▶ _What is needed_
Below are records; output all of them exactly.

▶ _Extracted material_
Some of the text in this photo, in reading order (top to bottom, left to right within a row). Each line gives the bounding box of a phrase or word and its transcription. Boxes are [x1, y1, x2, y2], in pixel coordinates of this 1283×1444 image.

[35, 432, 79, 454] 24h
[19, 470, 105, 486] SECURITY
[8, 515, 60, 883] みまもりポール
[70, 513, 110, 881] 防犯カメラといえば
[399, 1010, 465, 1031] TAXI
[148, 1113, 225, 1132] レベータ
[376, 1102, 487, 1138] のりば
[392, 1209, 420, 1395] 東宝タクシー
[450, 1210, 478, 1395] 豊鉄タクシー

▶ _Response box_
Some of the text in this photo, in reading order (top to bottom, left to right within a row). Each line gives the bounding box of a phrase or word and its transcription. Boxes are [x1, y1, x2, y2], in pixel coordinates of this 1283×1444 image.

[35, 432, 79, 454] 24h
[19, 470, 105, 486] SECURITY
[8, 515, 60, 883] みまもりポール
[70, 513, 110, 881] 防犯カメラといえば
[399, 1010, 465, 1031] TAXI
[148, 1113, 225, 1132] レベータ
[376, 1102, 487, 1138] のりば
[392, 1209, 420, 1395] 東宝タクシー
[450, 1210, 478, 1395] 豊鉄タクシー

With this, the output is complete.